Restaurants shut amidst COVID-19 second wave lockdown
Sangram Tomar, a 47-year-old vendor selling parathas, naans, chapatis and curries at his eatery near IIT-Delhi, had just returned to the city in March. He had spent the last year holed up in his village in Saharanpur, Uttar Pradesh, where he had gone following the lockdown imposed in April 2020.
Business was showing signs of picking up at his restaurant but the lockdown announcement on April 21 came a shocker. “The sudden lockdown in Delhi means that my business comes to a grinding halt. I am currently staying at my sister’s house nearby but cannot be unemployed for long. I am hearing that the lockdown will be extended. I employ five people and cannot pay salaries to anyone for another month,” Tomar told Moneycontrol.

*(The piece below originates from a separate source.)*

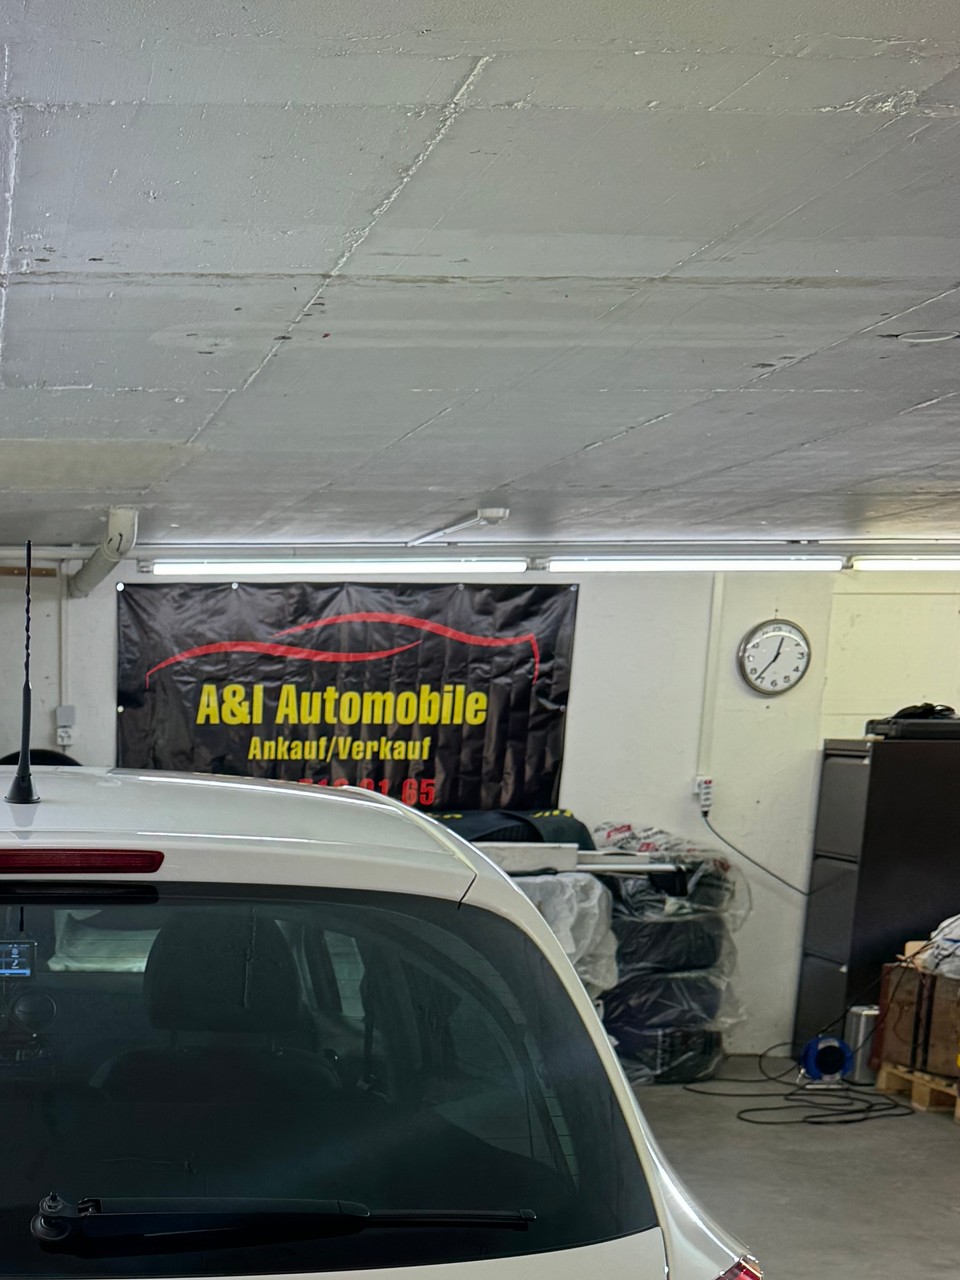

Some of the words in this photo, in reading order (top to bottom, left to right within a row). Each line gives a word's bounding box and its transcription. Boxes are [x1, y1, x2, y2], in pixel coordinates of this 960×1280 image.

[196, 684, 264, 725] A&I
[275, 684, 488, 725] Automobile
[247, 736, 432, 764] Ankauf/Verkauf
[401, 777, 437, 806] 65

While home delivery of food has been permitted, Tomar’s eatery is not on any food aggregator website. He said he neither understands how the technology works nor is willing to part with any commission.
In India, 7.3 million people (according to the NRAI Food Services Report, 2019) are employed in restaurants across India. Of these, about 3.7 million people are employed by the organised sector, with the rest in the unorganised sector.
The organised restaurant segment was among the worst hit with close to 70,000 people either losing their jobs or facing steep salary cuts (of up to 60 percent). From October 2020 onwards, this industry slowly started limping towards normalcy.
However, the second Covid-19 wave has again hit the restaurant industry hard. Weekend lockdowns have been imposed in places such as Karnataka, Tamil Nadu (Sunday lockdown) and Kerala, while Maharashtra and Delhi have imposed lockdowns till the first week of May 2021.
In this situation, only home-delivery and takeaway services have been permitted at all eateries, leading to economic stress. HR officials estimate that at least 10,000 jobs at are risk in Delhi and Mumbai at restaurants and another 30,000 will be severely impacted (job cuts and pay cuts) if the lockdown if extended till June.
What are the concerns?
Anurag Katriar, President, National Restaurants Association of India (NRAI), told Moneycontrol that when there is no business, jobs would be impacted and salary cuts would also be implemented by the sector.
Katriar and Tomar are unanimous in declaring that online food delivery cannot replace in-dining revenue.
“There is this misconception that restaurants can manage by offering home delivery. That is a clear misnomer. Delivery cannot replace the dine-in business and it is unviable. At present, the delivery businesses constitutes only 10-15 percent of the overall revenue of restaurants, while the rest comes from dine-in,” said Katriar.
Restaurant owners are also of the view that they should have been permitted to allow in-dining with adequate social distancing.
At an Udupi food chain in central Mumbai, which is completely empty despite online orders being allowed, the manager gets angry when quizzed about home delivery.
“I had 10 employees and all of them have gone back home. We are tied up with a food-delivery company but who will cook the food now? One was supposed to be back this week but hasn’t turned up,” said the manager.
Ayesha Ahmed, who owns resto-pub Tantra Gold Lounge in Bengaluru, has similar views. She said 50 percent of the staff in her 18-member team have returned to their homes in other States.
“When it comes to places that offer alcohol, customers prefer coming to the place and drinking. We cannot deliver alcohol or cocktails home and that is where a majority of the business is lost,” she said.
The NRAI Food Services Report of 2019 pegged the organised segment’s market size at Rs 4.24 lakh crore in FY19.
This is projected to touch Rs 5.99 lakh crore by FY23. The organised segment comprises standalone restaurants as well as food chains. The standalone market has a share of 75 percent with an estimated size of Rs 1.10 lakh crore in FY19.
What does the industry want?
Katriar said that currently customer sentiments are down because of the lockdown and hence enhanced consumption through home delivery is not a reality.
He explained that economic incentives in the form of an economic package will help restaurants across the country.
“If the government can help infuse liquidity into the sector through banks and other financial institutions, it will help restaurants survive. We are a stressed sector and need a real moratorium with good interest rates. Only post that will there be a revival,” he added.